### Exercise instructions
Leaving the images out, output each entry below exactly.

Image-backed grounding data
++++++++++++++++++++

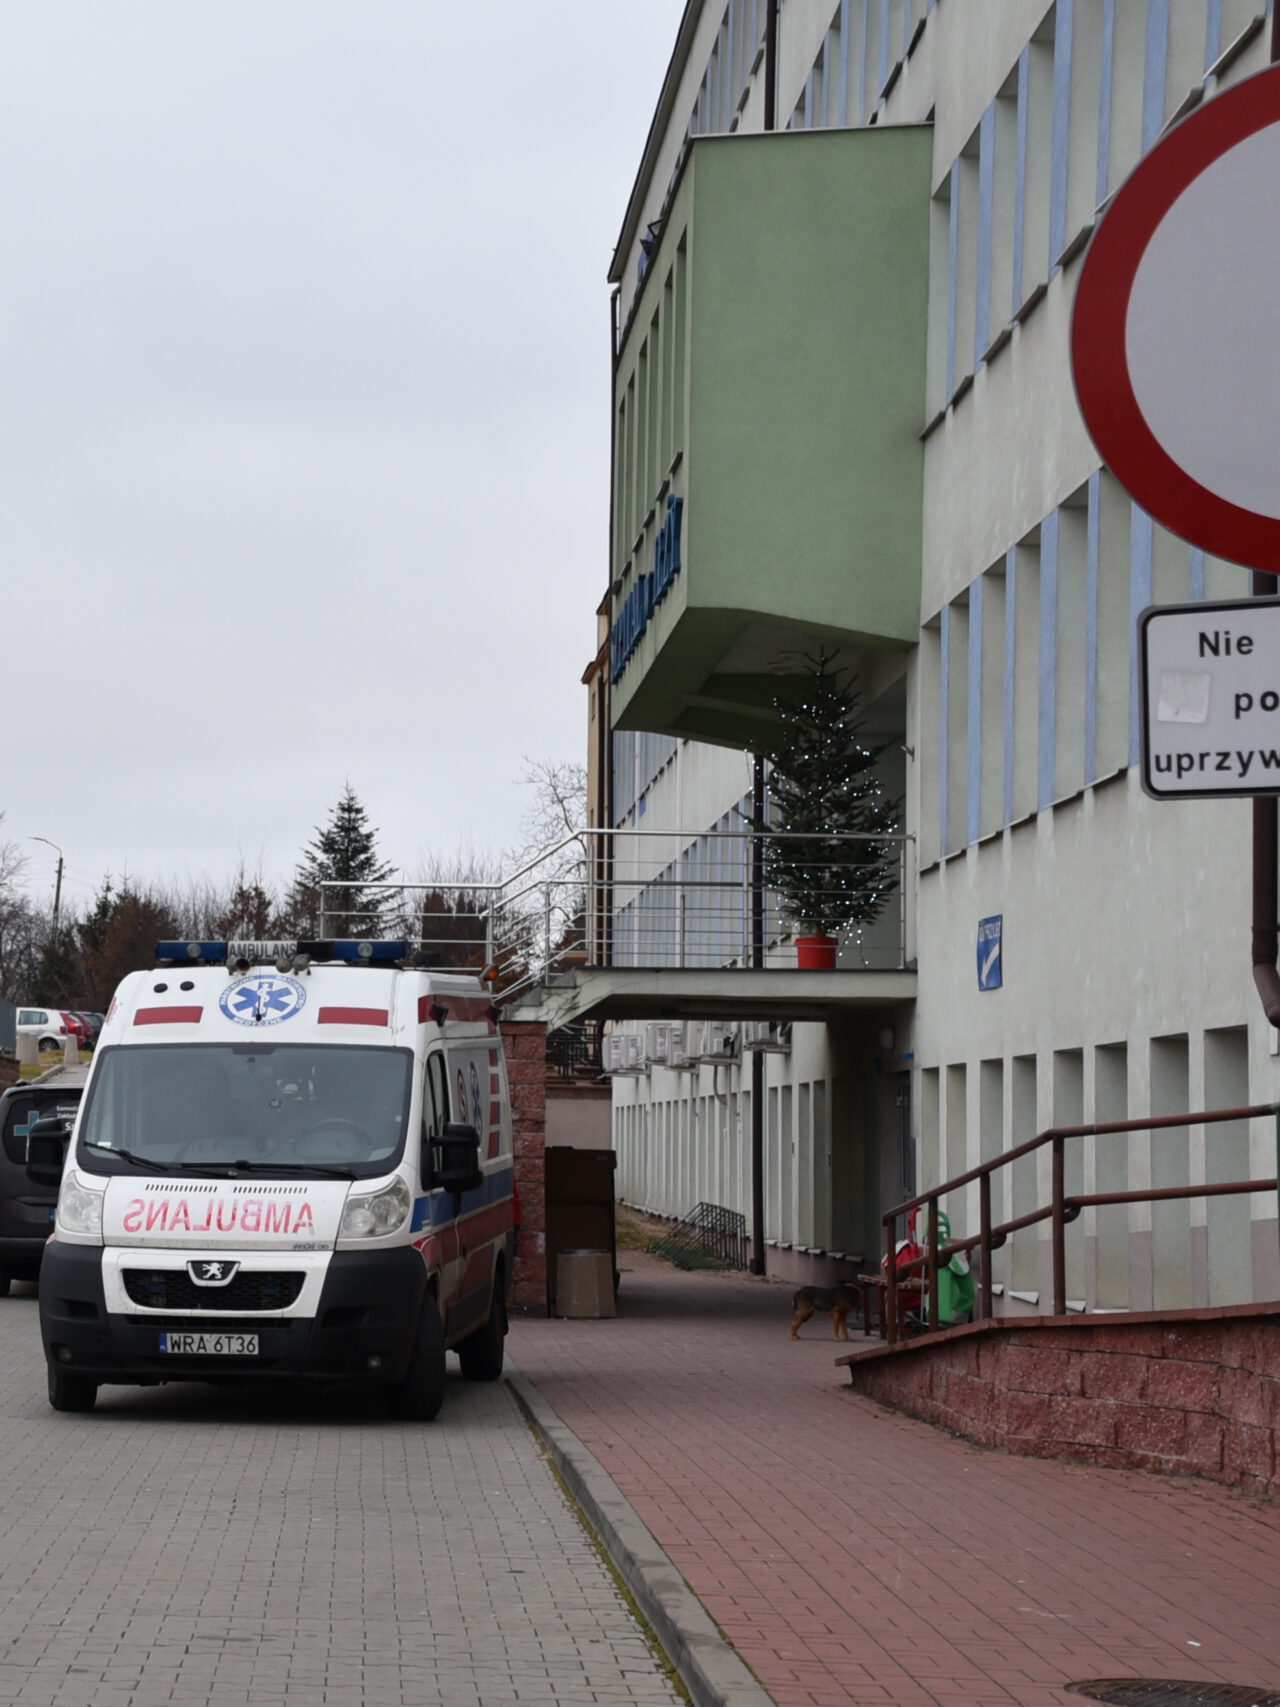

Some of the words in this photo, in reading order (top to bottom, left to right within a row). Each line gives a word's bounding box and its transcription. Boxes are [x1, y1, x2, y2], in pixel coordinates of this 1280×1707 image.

[1198, 630, 1255, 658] Nie
[1234, 690, 1280, 719] po
[1154, 749, 1280, 780] uprzyw
[229, 943, 297, 958] AMBULANS
[170, 1336, 208, 1352] WRA
[213, 1335, 257, 1353] 6T36

++++++++++++++++++++

### Reply
Some of the words in this photo, in reading order (top to bottom, left to right within a row). Each line gives a word's bounding box and its transcription. Boxes are [x1, y1, x2, y2], in pixel coordinates of this 1280×1707 image.

[1198, 630, 1255, 658] Nie
[1234, 690, 1280, 719] po
[1154, 749, 1280, 780] uprzyw
[229, 943, 297, 958] AMBULANS
[170, 1336, 208, 1352] WRA
[213, 1335, 257, 1353] 6T36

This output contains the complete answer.